The NYPD is not required to release roughly 1,800 pages of documents detailing their surveillance of individuals around the world in the months leading up to the 2004 Republican National Convention, the U.S. Court of Appeals for the Second Circuit ruled yesterday. The 43 page decision [pdf], which overturned a federal judge's ruling last December, was written by José Cabranes, a Clinton nominee. In the ruling, Cabranes wrote that the NYPD field reports were protected by "law enforcement privilege."
The NYCLU has waged a long legal battle on behalf of the 1,000-plus people arrested and detained at "Guantanamo on the Hudson" (picture) during the convention. NYCLU lawyers have sought access to the field reports in order "to rebut claims by the police that its surveillance operations provided a legal basis for arresting and detaining people instead of issuing summonses," City Room reports. But the Court of Appeals sided with the NYPD's contention that "these sensitive materials... would reveal the identities of undercover officers." And have you ever tried redacting 1,800 pages of documents? It's a lot of work!

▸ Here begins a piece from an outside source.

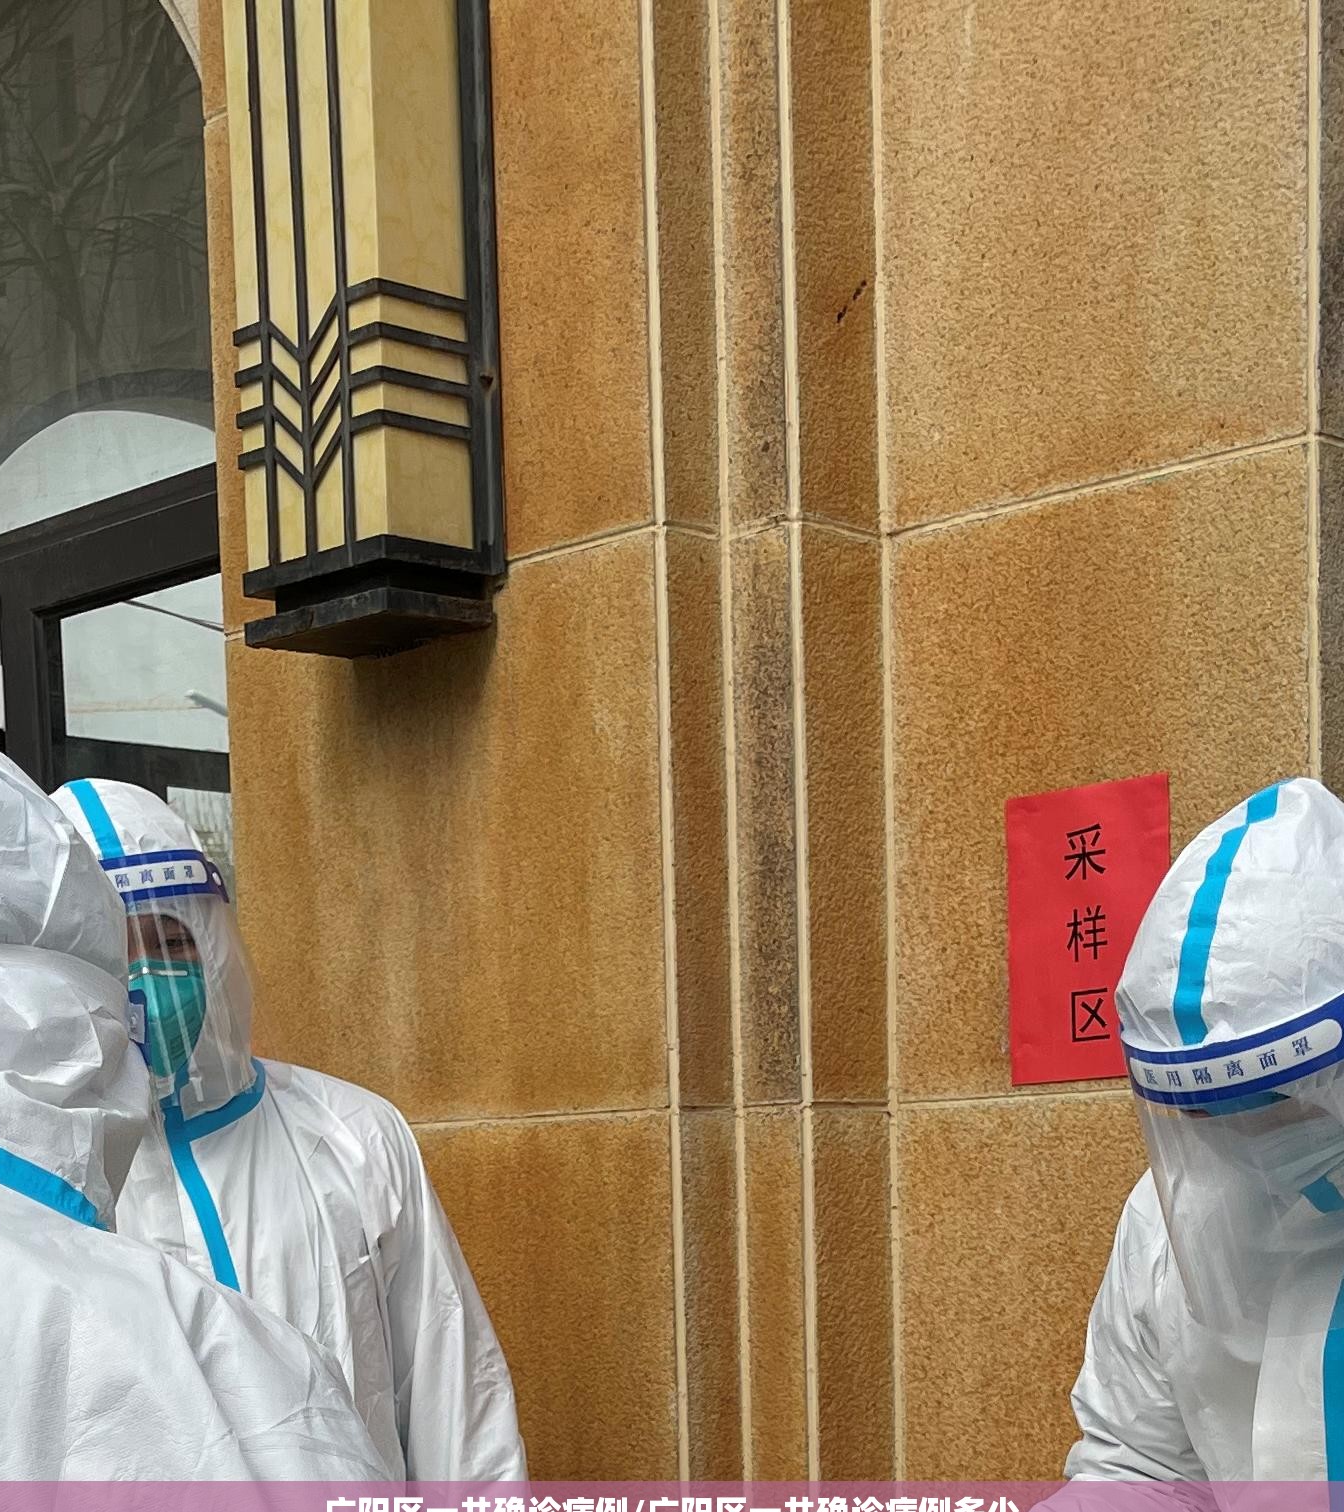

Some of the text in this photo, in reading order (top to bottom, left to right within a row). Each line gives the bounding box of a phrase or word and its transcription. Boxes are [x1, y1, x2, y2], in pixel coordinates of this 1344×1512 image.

The three judge panel decided to "reject the idea that the secrecy of the field reports can be protected by disclosing them on an 'attorneys' eyes only' basis and filing them 'under seal.'" After the decision was handed down, city lawyer Celeste Koeleveld said, "As the court recognized, the information in the documents reinforces the city's assertions that the public faced a substantial threat of disruption and violence during the RNC." In a statement, the NYCLU's Chris Dunn said, "While this ruling keeps certain police documents under wraps, nothing about it changes the fact that the NYPD illegally arrested and detained more than 1,000 innocent protesters and bystanders. We remain confident that the courts ultimately will agree with us on this."